Instructions to follow:
Word for word, copy out every line of the records, omitting each picture.
================
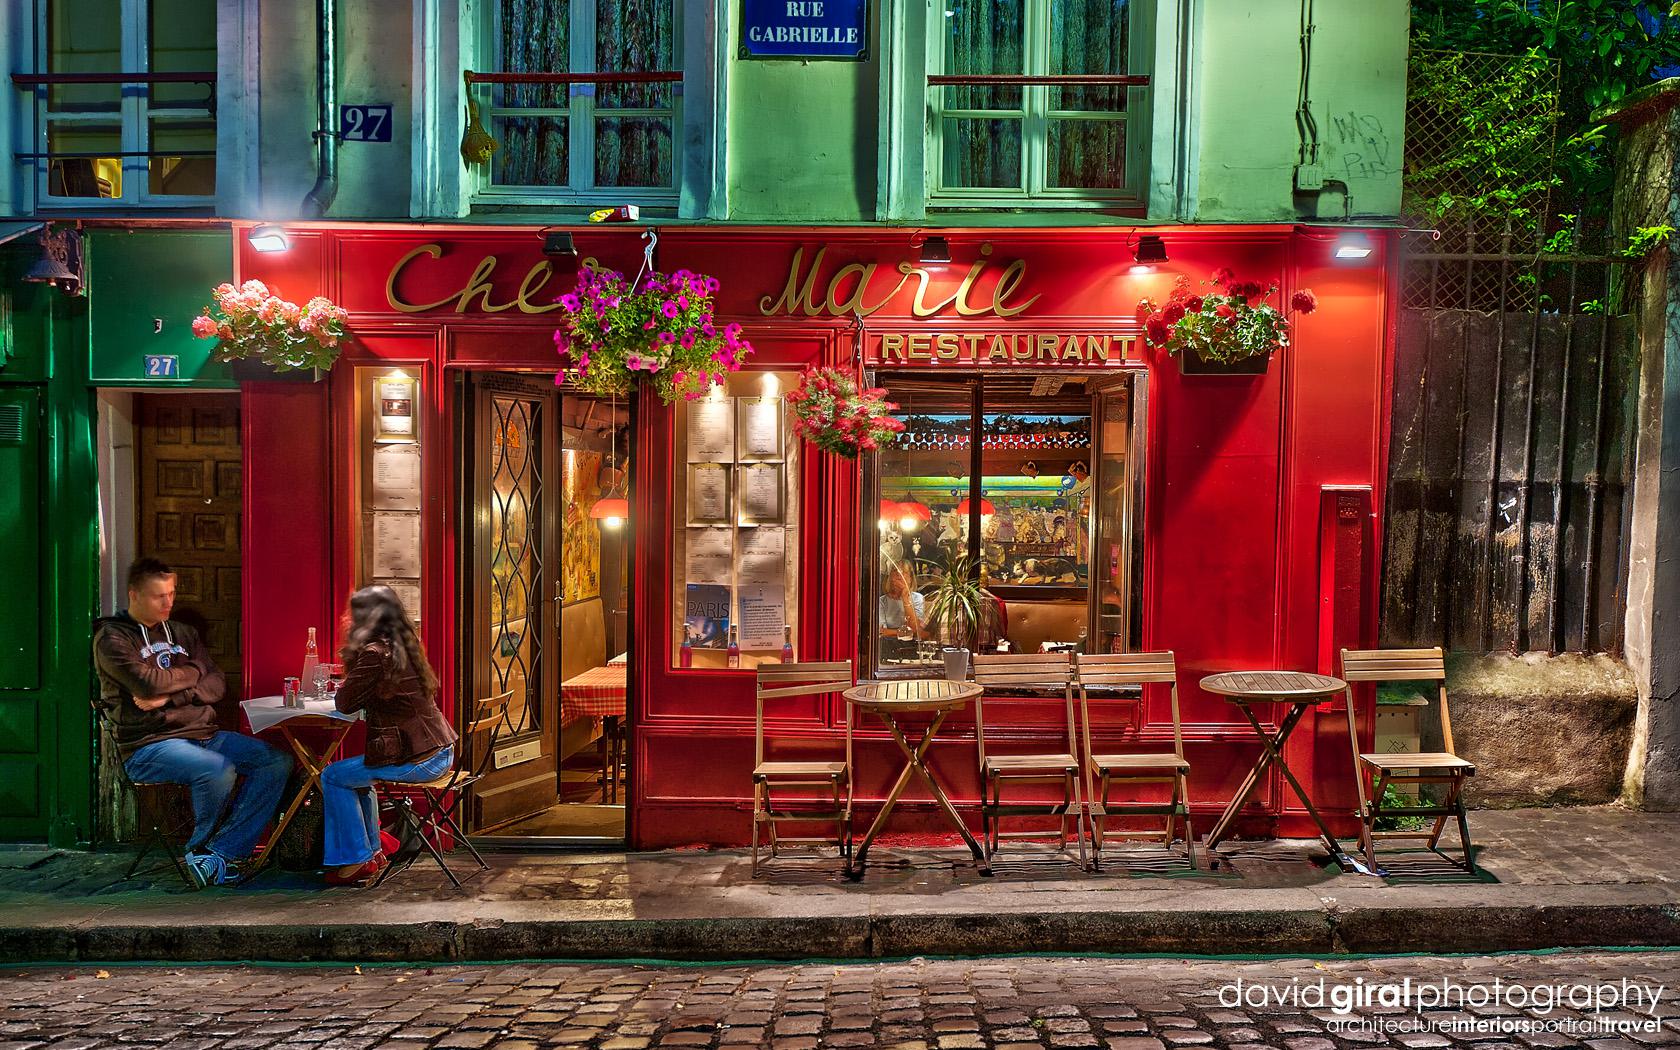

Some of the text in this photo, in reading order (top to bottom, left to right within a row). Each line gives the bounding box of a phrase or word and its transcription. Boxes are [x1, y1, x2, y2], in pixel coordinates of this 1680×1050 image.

[786, 1, 824, 17] RUE
[749, 26, 858, 43] GABRIELLE
[345, 107, 388, 141] 27
[759, 243, 1042, 317] Marie
[882, 333, 1137, 361] RESTAURANT
[150, 358, 172, 376] 27
[687, 601, 730, 618] PARIS
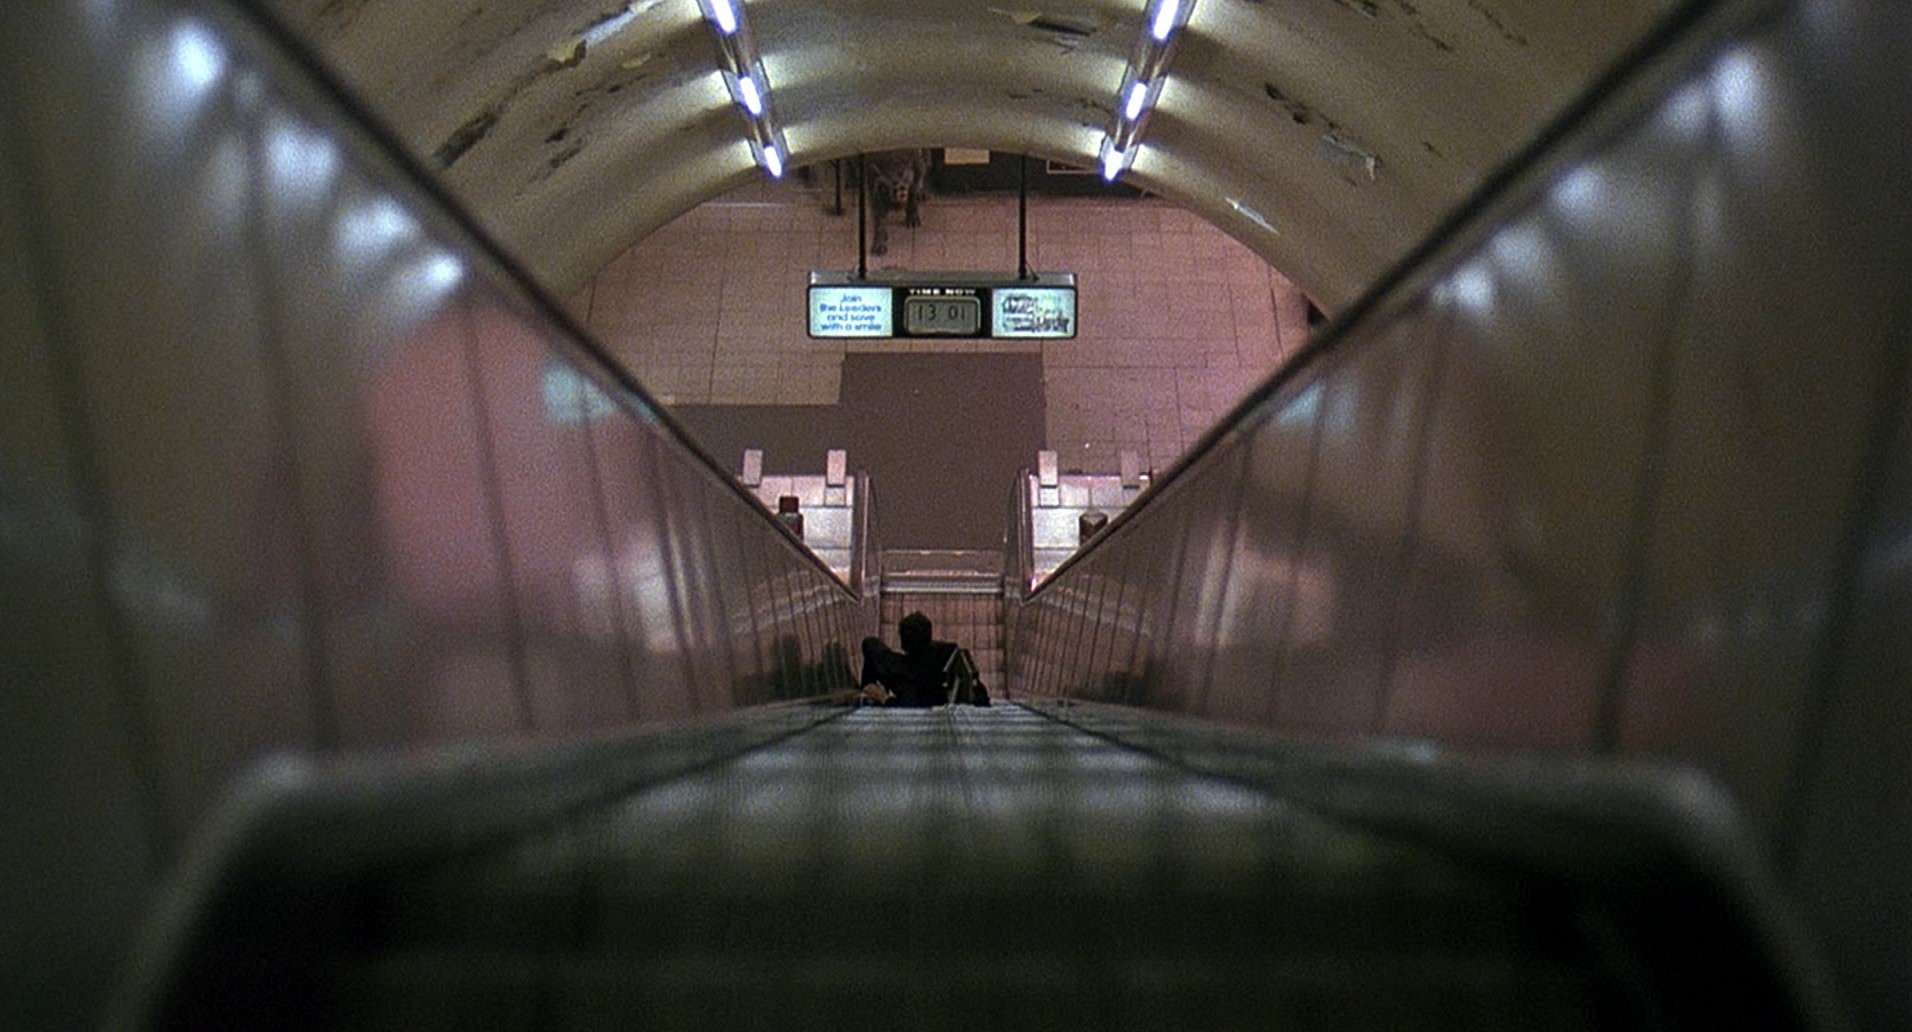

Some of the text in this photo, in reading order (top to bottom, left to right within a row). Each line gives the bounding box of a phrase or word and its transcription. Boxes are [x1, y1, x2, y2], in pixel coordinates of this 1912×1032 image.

[840, 293, 862, 302] Join
[918, 304, 965, 320] 13 01
[827, 313, 848, 321] and
[820, 323, 843, 331] with
[855, 323, 882, 331] smile
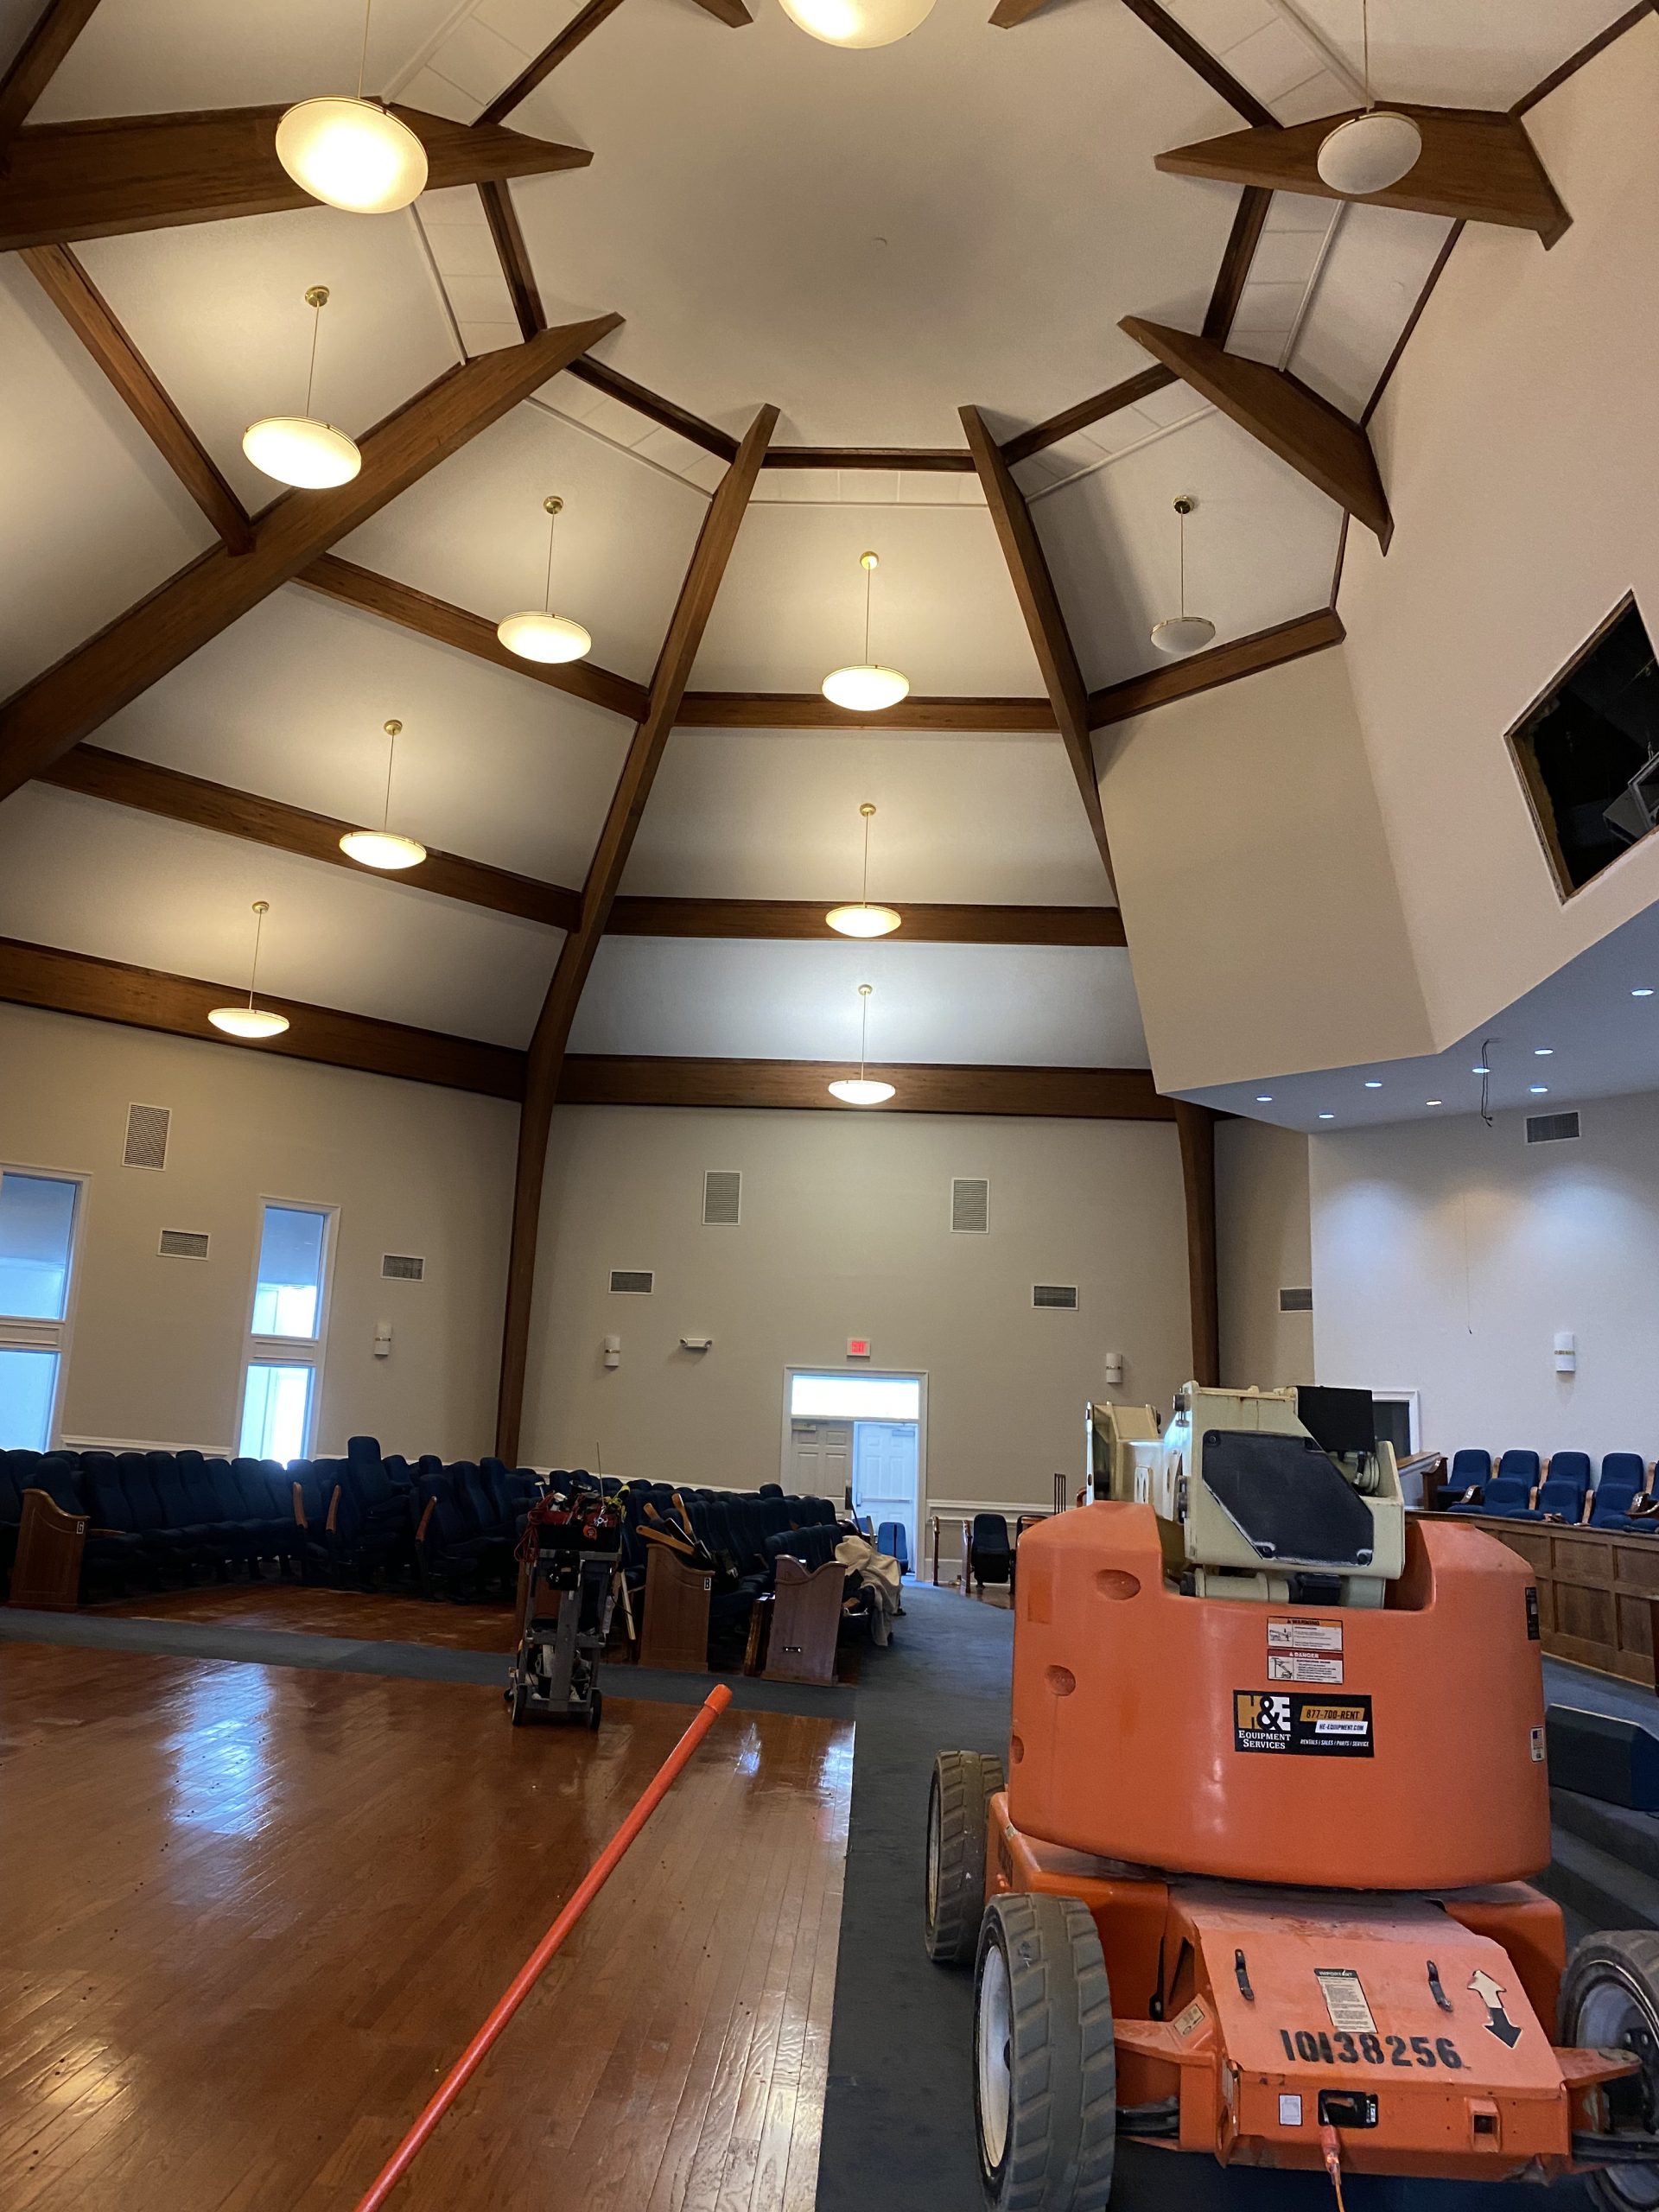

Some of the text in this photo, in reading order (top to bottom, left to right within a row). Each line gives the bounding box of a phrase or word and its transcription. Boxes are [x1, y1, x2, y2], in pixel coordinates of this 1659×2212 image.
================
Result of the exercise:
Some of the text in this photo, in reading order (top to bottom, left to right within a row). Each line gives the bounding box of a phrase or word and its transcription. Boxes are [x1, y1, x2, y2], in pixel coordinates of this 1680×1050 image.

[786, 1, 824, 17] RUE
[749, 26, 858, 43] GABRIELLE
[345, 107, 388, 141] 27
[759, 243, 1042, 317] Marie
[882, 333, 1137, 361] RESTAURANT
[150, 358, 172, 376] 27
[687, 601, 730, 618] PARIS

Some of the text in this photo, in reading order (top to bottom, left to right within a row). Each line gives the bounding box of a phrase or word and its transcription. Boxes are [x1, y1, x2, y2], in pixel coordinates of this 1912×1032 image.

[840, 293, 862, 302] Join
[918, 304, 965, 320] 13 01
[827, 313, 848, 321] and
[820, 323, 843, 331] with
[855, 323, 882, 331] smile

Some of the text in this photo, in reading order (top to bottom, left to right within a row). Each line gives the bounding box of a phrase or word and its transcription. Boxes are [x1, y1, x2, y2], in pixel coordinates of this 1659×2212 image.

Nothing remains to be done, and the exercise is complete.